I kept thinking as I watched it that this contrived claptrap may reflect how some upper-middle-class, privileged White people like Haggis and producer Sandra Bullock--and maybe even some deluded Black folks--view the world, but it was such an implausible, hole-ridden, poorly constructed fantasy world so far from anything I or anyone I know knows that I couldn't buy into it for more than a moment. Now, I'm all for outrageousness, fantasy, and so forth. But the point of this film is supposed to be its clever realism and authenticity. Yet it was mostly so false it gave new definition to the word "fiction." As critic Armond White noted in his harsh New York Press review (which unfortunately confuses Jennifer Esposito and favorite-Latino-paired-with-Negro-male lead Eva Mendes), the Black folks in this film are "caricatures," the white folks are "tragic," and almost none of it reflects the reality of contemporary Los Angeles or America. Only one lone characterization rung true: that of the Latino locksmith, played by Miguel Peña, whose personal story would have made a very interesting film all by itself.

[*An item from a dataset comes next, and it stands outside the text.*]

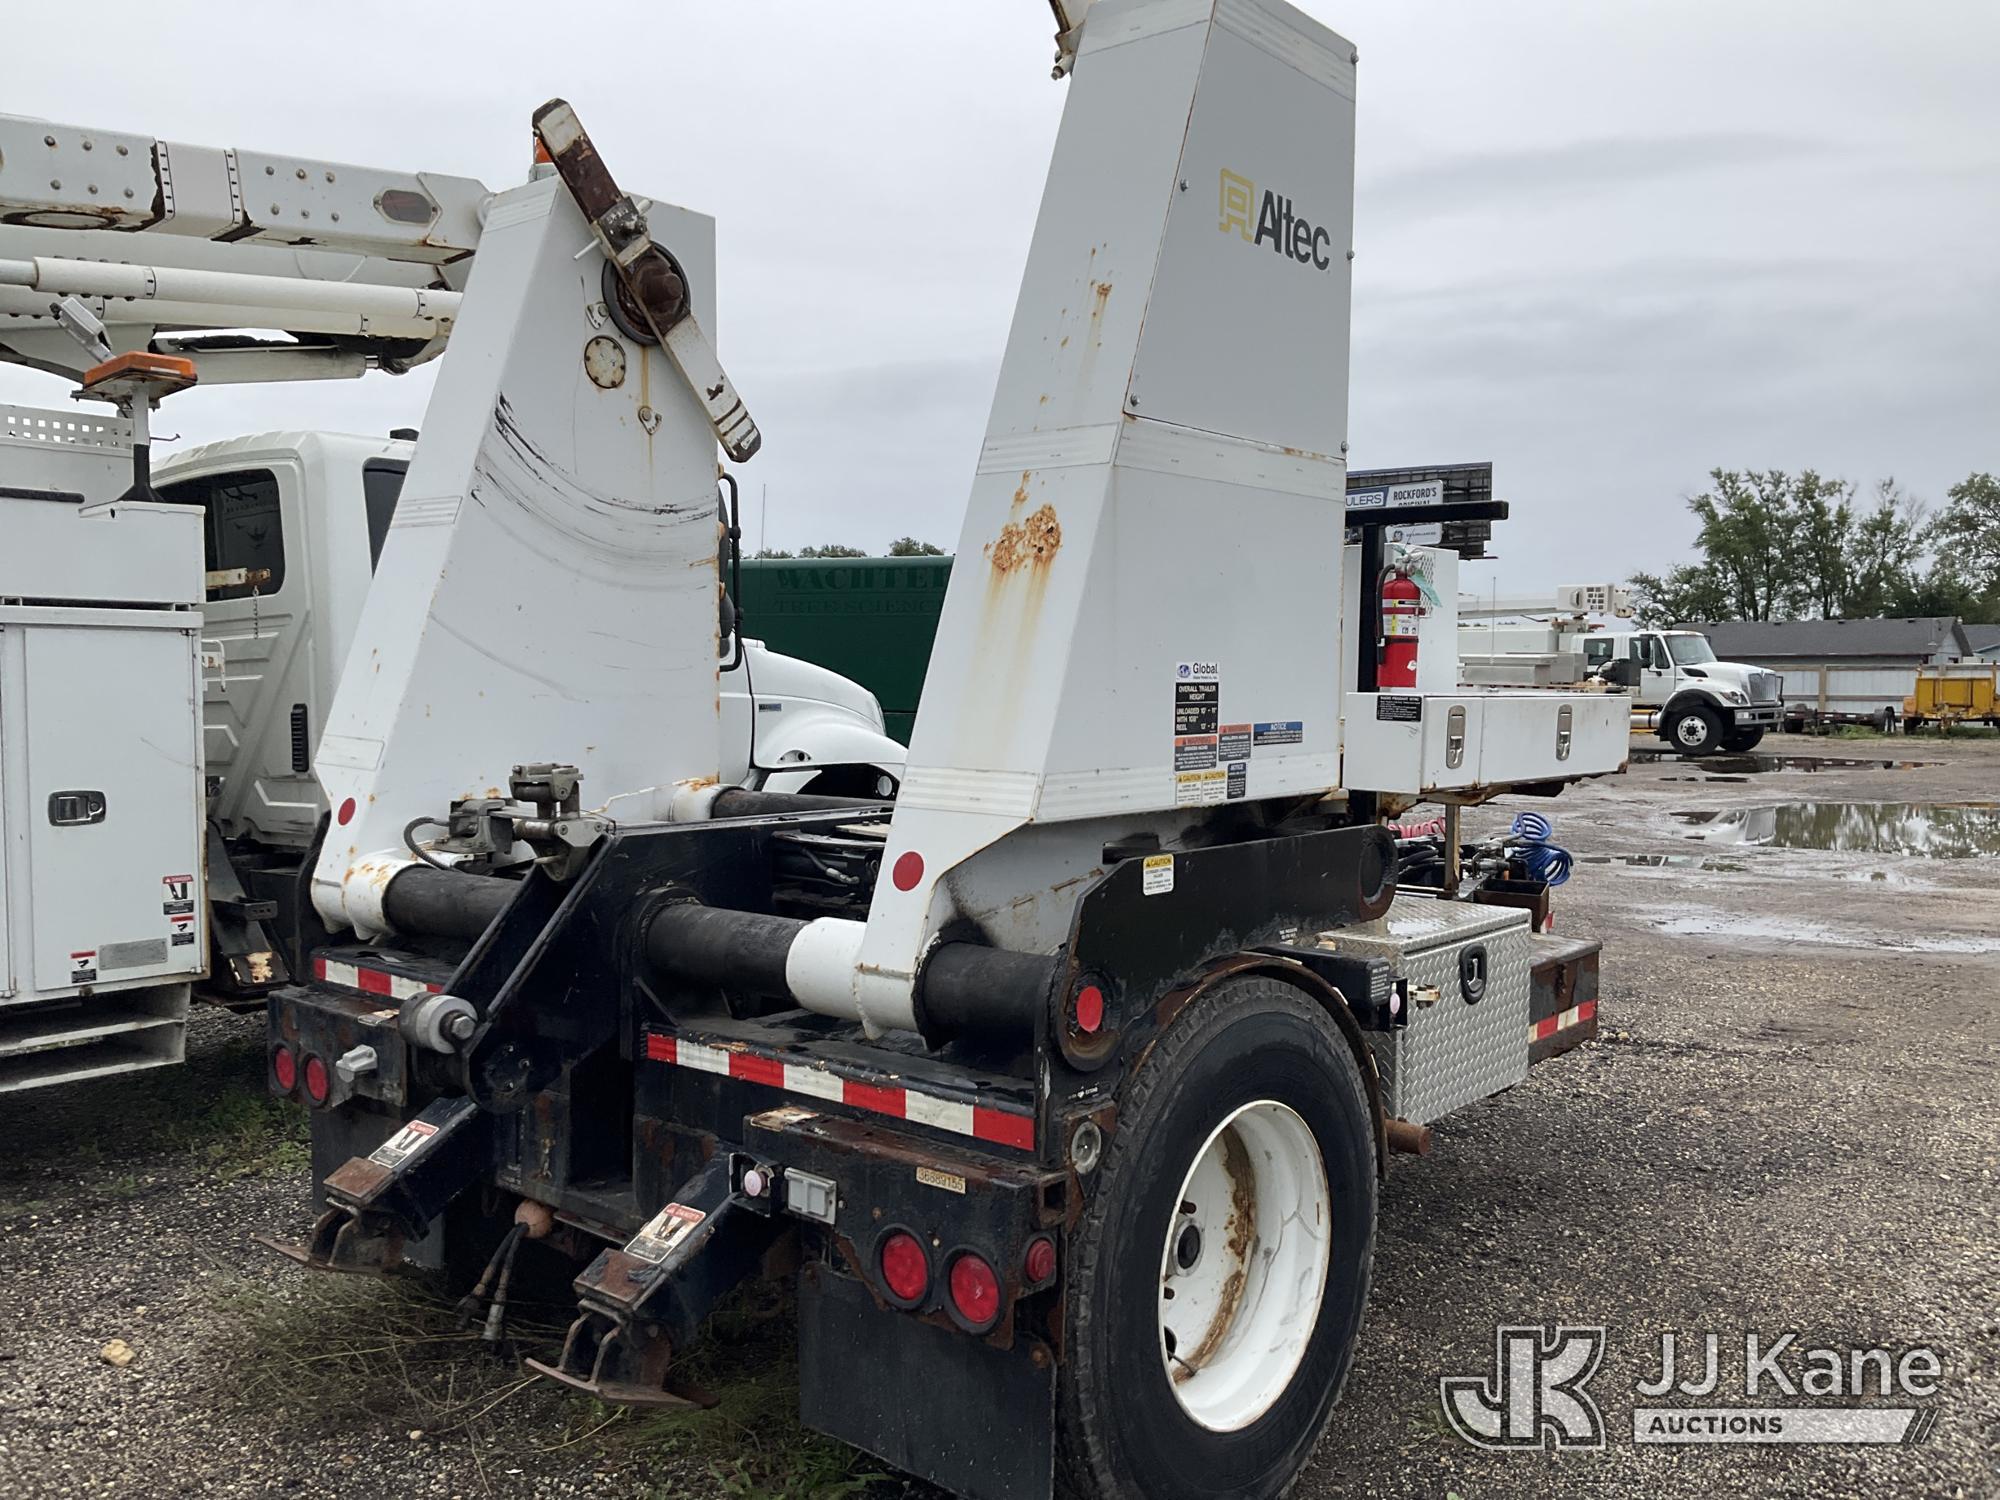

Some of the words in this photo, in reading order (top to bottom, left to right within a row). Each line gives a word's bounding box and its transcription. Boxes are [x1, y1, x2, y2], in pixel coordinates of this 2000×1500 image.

But back to Crap: I mean, where to begin?
  • If you've just been pulled from a burning car wreck, do you think you'd still have your three-inch pumps on? Your clothes only barely torn, your face only lightly bruised? And if you did survive a burning car wreck and were able to walk away and talk about it, don't you think your very first action--I mean, it could be just me here--would be to call your loved one or loved ones or some close family member as soon as possible, or have someone else do it for you? Even if you've had a bad argument--you've just survived a burning car wreck, for God's sake!!!
  • Only in a Hollywood movie could a white rookie cop--yes, even a blond-haired, blue-eyed do gooder like Ryan Phillippe--persuade two other officers (veteran? rookie? etc.), with their guns trained on a Black carjacking suspect, who'd led them on a highspeed chase and who subsequently decided to curse them out, to let said suspect walk away with a citation. Oh yeah, right. Maybe Haggis has missed the frequent video captures of Negroes being beaten up after police pursuits, whether they're guilty or not (hey Paul, why not check out Cops while you're at it, they rough up white folks too), but then again, we're talking about the product of America's liberal "dream factory," so....
  • And only in a Hollywood movie would a Black man jump out of a car screaming at and walking towards police and not be shot, let alone blown away. Seriously. Try and if it works for you, well, I don't know, send me a sign via a Ouija board or something. Or some other kind of sign. No, on second thought, don't try it. We lose enough Black men every day--no need to lose even one more.
  • And only in a Hollywood movie would a Black man--or anyone--who's been carjacked, after surviving a totally implausible confrontation with liberally armed policepeople and a liberal do-gooder cop ride around with his carjacker (of whatever race, mind you!!!) and as he's dropping him off (dropping him off!!!), utter such drivel as "You embarrass me." (You embarrass me!!!) Okay, maybe Black Christ on his return would do this or something, but anyone else even halfway sane....
  • Why does Hollywood always feel the need to redeem white racists? Don't people like Haggis realize that many such people are unredeemable? The whole Matt Dillon-is-an-avowed-racist-but-saves-the-hightoned-Black woman-who-glances-up -thankfully-into-his-eyes scenario made me want to vomit. Weren't all those adaptation of Kyle Onstott's novels, let alone Monster's Ball, etc. enough? Come on!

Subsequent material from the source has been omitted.